* [TASK TO CARRY OUT]: In the copy, include every entry exactly but none of the images.

* [INPUT FOR THIS TASK]:
☆ ☆ ☆ ☆

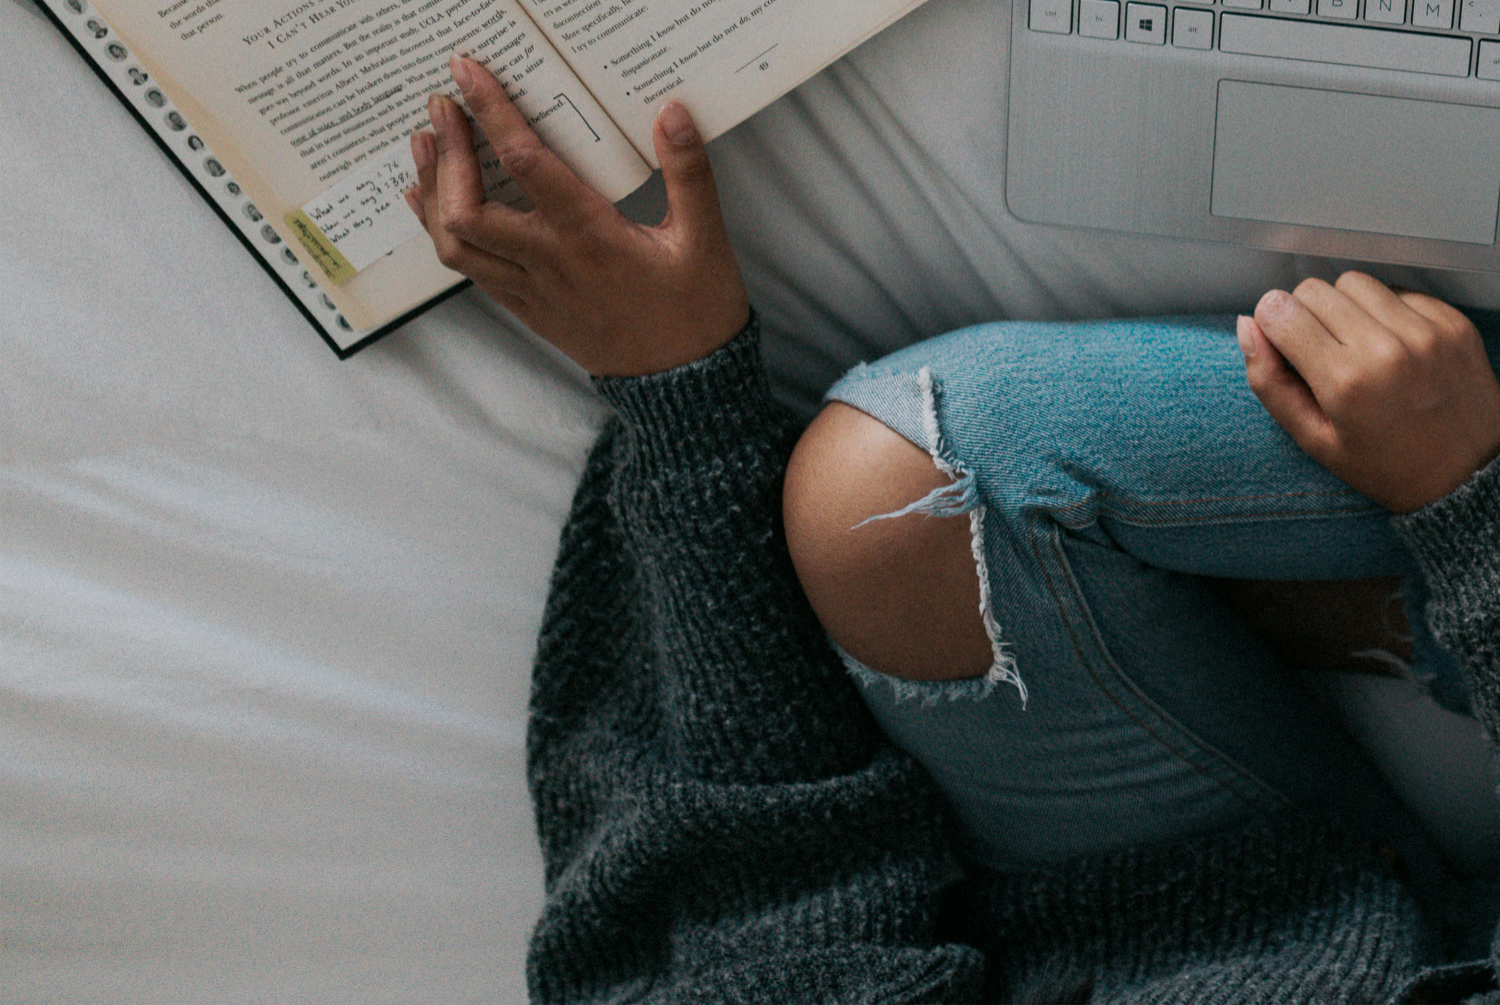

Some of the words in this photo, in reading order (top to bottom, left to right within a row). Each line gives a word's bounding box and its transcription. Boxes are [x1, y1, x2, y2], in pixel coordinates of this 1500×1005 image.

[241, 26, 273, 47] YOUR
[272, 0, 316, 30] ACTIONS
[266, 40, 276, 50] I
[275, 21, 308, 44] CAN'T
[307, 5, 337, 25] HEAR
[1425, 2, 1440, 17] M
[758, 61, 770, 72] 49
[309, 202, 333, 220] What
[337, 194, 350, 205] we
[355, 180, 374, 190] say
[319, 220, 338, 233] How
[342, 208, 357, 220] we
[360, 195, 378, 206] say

☆ ☆ ☆ ☆

* [ANSWER SECTION]:
Some of the words in this photo, in reading order (top to bottom, left to right within a row). Each line gives a word's bounding box and its transcription. Boxes are [x1, y1, x2, y2], in pixel coordinates of this 1500×1005 image.

[241, 26, 273, 47] YOUR
[272, 0, 316, 30] ACTIONS
[266, 40, 276, 50] I
[275, 21, 308, 44] CAN'T
[307, 5, 337, 25] HEAR
[1425, 2, 1440, 17] M
[758, 61, 770, 72] 49
[309, 202, 333, 220] What
[337, 194, 350, 205] we
[355, 180, 374, 190] say
[319, 220, 338, 233] How
[342, 208, 357, 220] we
[360, 195, 378, 206] say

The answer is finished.